REPUBLIKA.CO.ID, JAKARTA -- Menteri Kesehatan Nila Djuwita Moeloek mengungkapkan, saat ini sudah ada 20 kabupaten/kota yang melaksanakan Outbreak Response Immunization (ORI). Ke depan, akan bertambah 70 kabupaten/kota dari berbagai provinsi yang akan melakukan ORI. Masyarakat diminta untuk menaati dan melengkapi imunisasi.

"Semua. Saat ini sudah 20 kabupaten/kota. Kemudian nanti 70 kabupaten/kota dari berbagai provinsi. Namun, provinsi lain sebenarnya Dinas Kesehatannya ada, mereka sudah melakukan (ORI). Itu kita harapkan sudah bisa sekaligus," ungkap Nila usai rapat di Kemenko Polhukam, Gambir, Jakarta Pusat, Selasa (19/12).

Nila kemudian mengingatkan, imunisasi harus dilakukan sebanyak tiga kali.
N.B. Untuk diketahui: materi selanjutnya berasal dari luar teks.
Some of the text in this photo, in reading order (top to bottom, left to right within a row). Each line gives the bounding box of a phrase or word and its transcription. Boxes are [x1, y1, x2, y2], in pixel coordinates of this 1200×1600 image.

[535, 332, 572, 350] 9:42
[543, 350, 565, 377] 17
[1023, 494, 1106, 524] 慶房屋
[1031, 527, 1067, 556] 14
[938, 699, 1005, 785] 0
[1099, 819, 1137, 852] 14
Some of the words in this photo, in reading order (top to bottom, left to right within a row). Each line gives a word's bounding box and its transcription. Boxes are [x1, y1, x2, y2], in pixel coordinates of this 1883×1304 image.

Setelah melakukan imunisasi pertama, pasien yang diimunisasi harus kembali melakukan imunisasi satu dan enam bulan setelahnya.
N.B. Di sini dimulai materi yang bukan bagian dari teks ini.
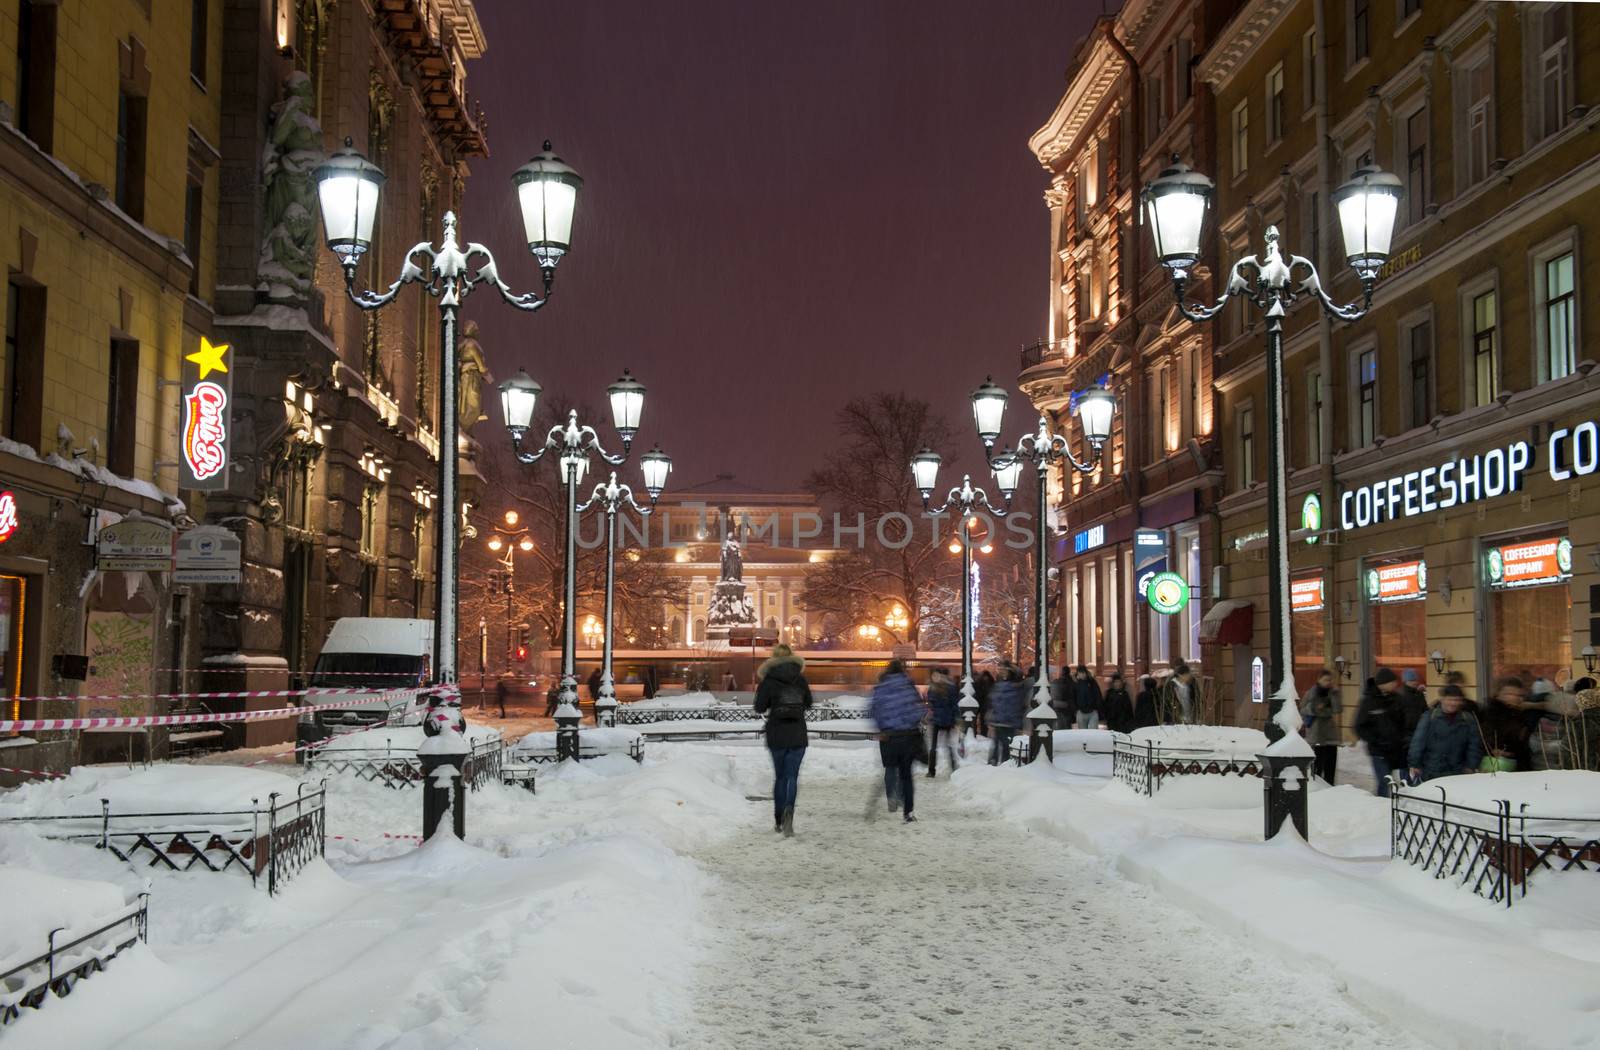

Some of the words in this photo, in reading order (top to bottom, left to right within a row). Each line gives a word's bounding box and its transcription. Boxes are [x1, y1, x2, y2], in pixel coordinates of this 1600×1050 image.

[197, 385, 224, 443] Carl's
[195, 441, 222, 477] Jr.
[1341, 441, 1528, 530] COFFEESHOP
[1549, 421, 1598, 481] CO
[1075, 530, 1088, 554] ZENIT
[1088, 524, 1104, 549] ARENA
[1504, 543, 1557, 561] COFFEESHOP
[1380, 565, 1418, 580] COFFEESHOP
[1504, 560, 1543, 576] COMPANY
[1153, 572, 1186, 588] COFFEESHOP
[1380, 579, 1408, 593] COMPANY
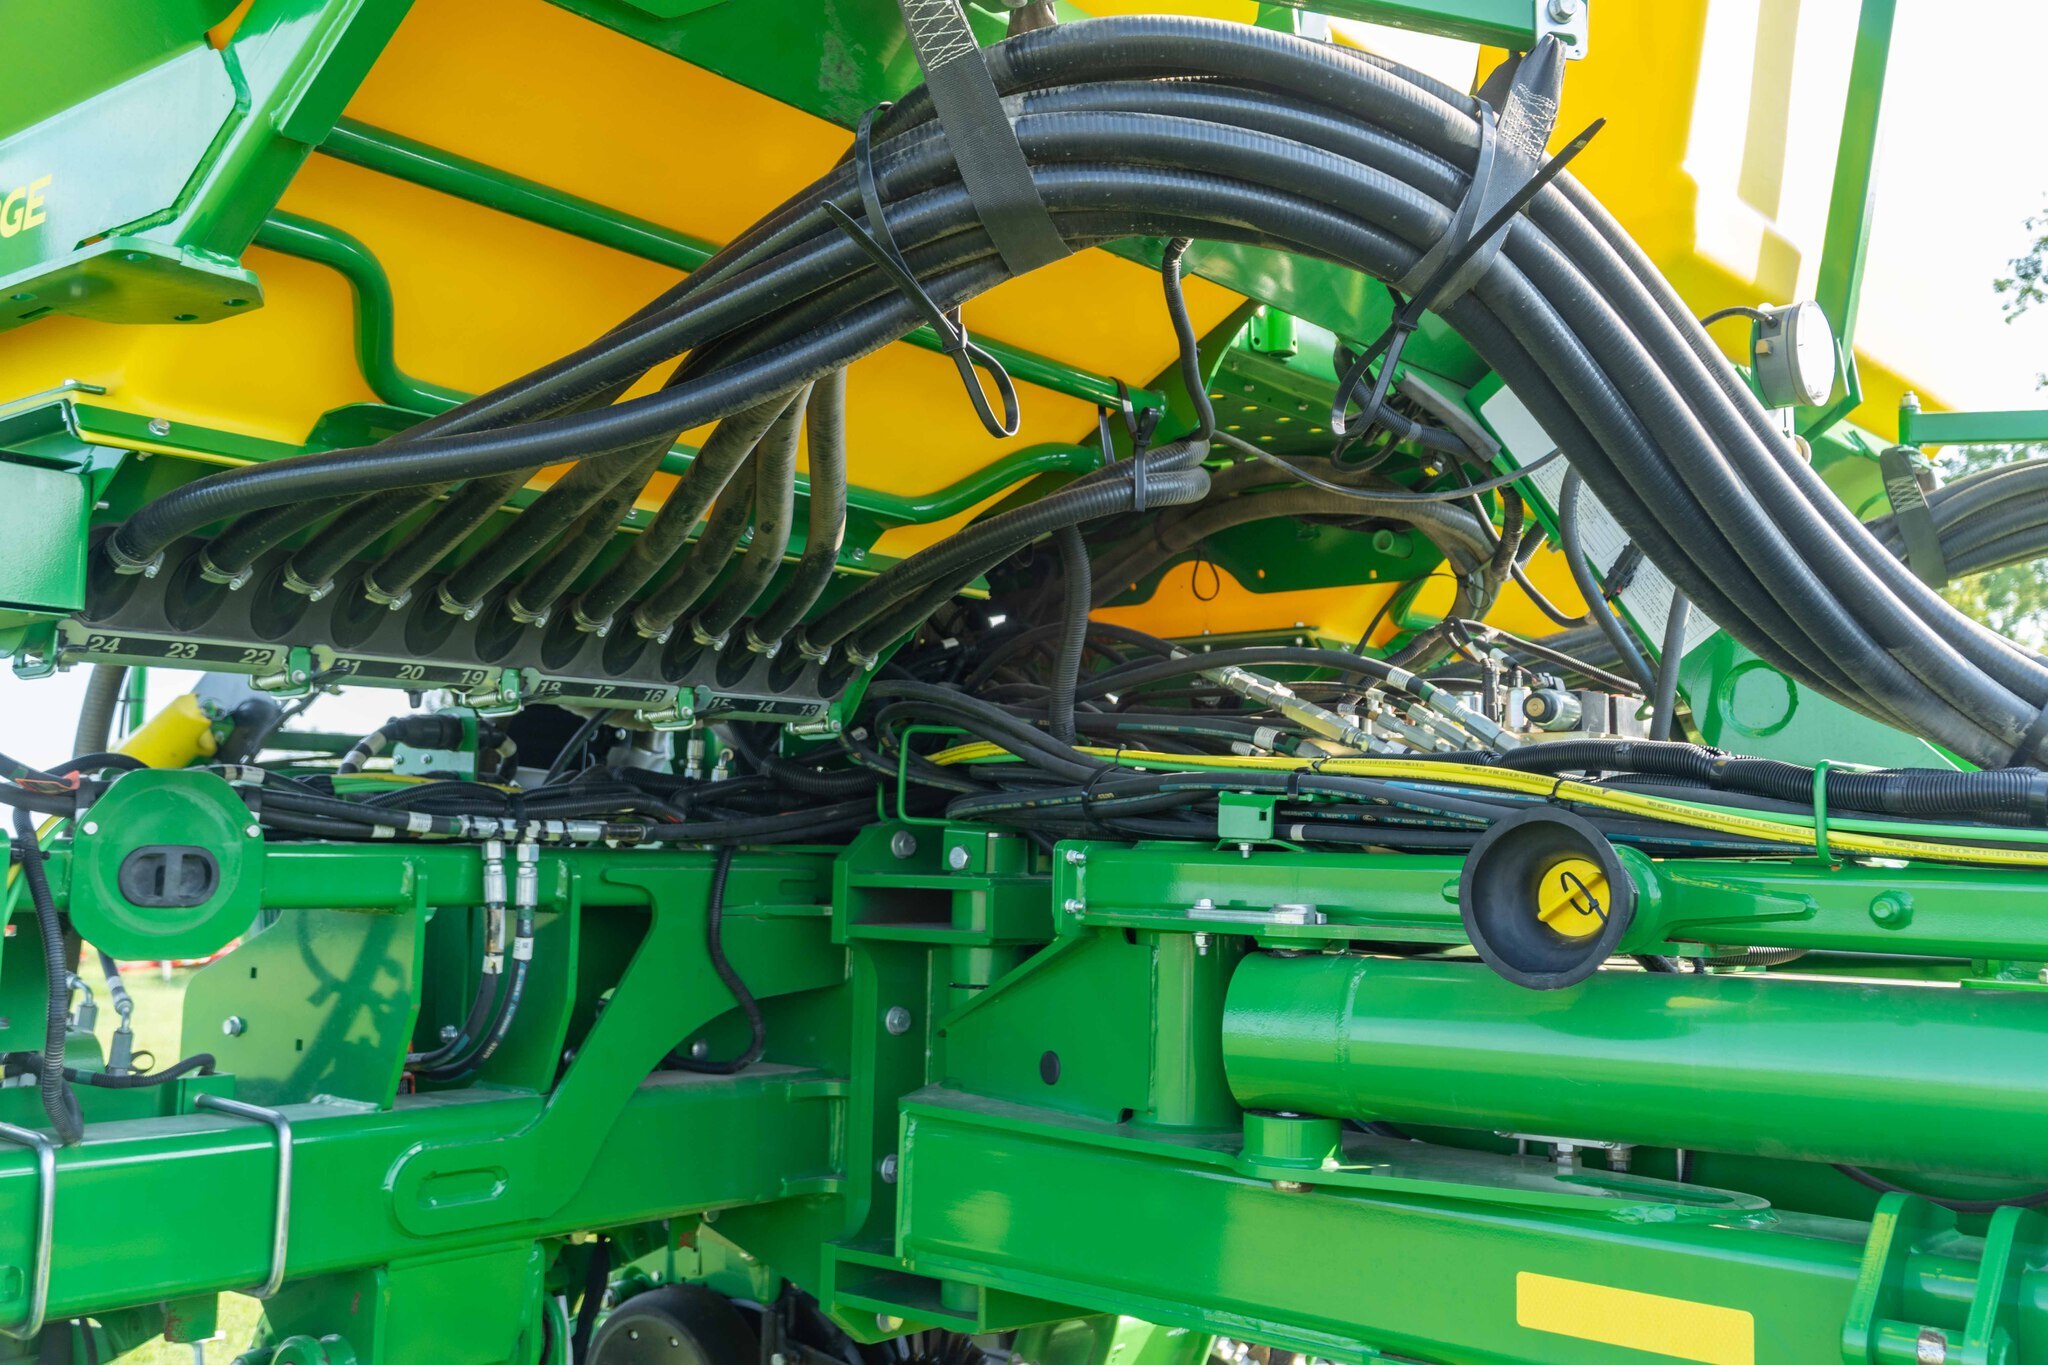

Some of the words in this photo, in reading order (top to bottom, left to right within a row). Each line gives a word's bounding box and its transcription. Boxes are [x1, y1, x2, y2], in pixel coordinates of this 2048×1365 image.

[88, 636, 121, 653] 24
[165, 642, 199, 659] 23
[239, 648, 272, 665] 22
[396, 664, 425, 680] 20
[459, 669, 485, 686] 19
[540, 680, 561, 693] 18
[592, 685, 616, 699] 17
[643, 689, 665, 703] 16
[756, 701, 774, 713] 14
[801, 703, 819, 716] 13
"Tolong disosialisasi. Satu bulan kemudian dan enam bulan kemudian," lanjut dia.

Ia pun menyebutkan, pihaknya juga mengkaji terkait apakah tindakan antivaksin menyebabkan menyebarnya virus difteri. Menurut dia ada beberapa hal yang menyebabkan seseorang terkena virus difteri. Bila seseorang tidak mau diimunisasi, kata Nila, maka daya tahan tubuh orang itu tidak ada.

"Kemudian kita yang diimunisasi karena daya tahannya turun jadi (bisa) kena juga. Jadi penyebarannya seperti begitu ya," tutur Nila.

Di samping itu, Direktur Jenderal Pencegahan dan Pengendalian Penyakit (P2P) Kemenkes Mohamad Subuh menyebutkan, virus difteri bisa menjadi kejadian luar biasa (KLB) bukan hanya karena tindakan antivaksin saja. Menurutnya, yang imunisasinya tidak lengkap atau bahkan tidak diimunisasi tidak serta merta karena antivaksin.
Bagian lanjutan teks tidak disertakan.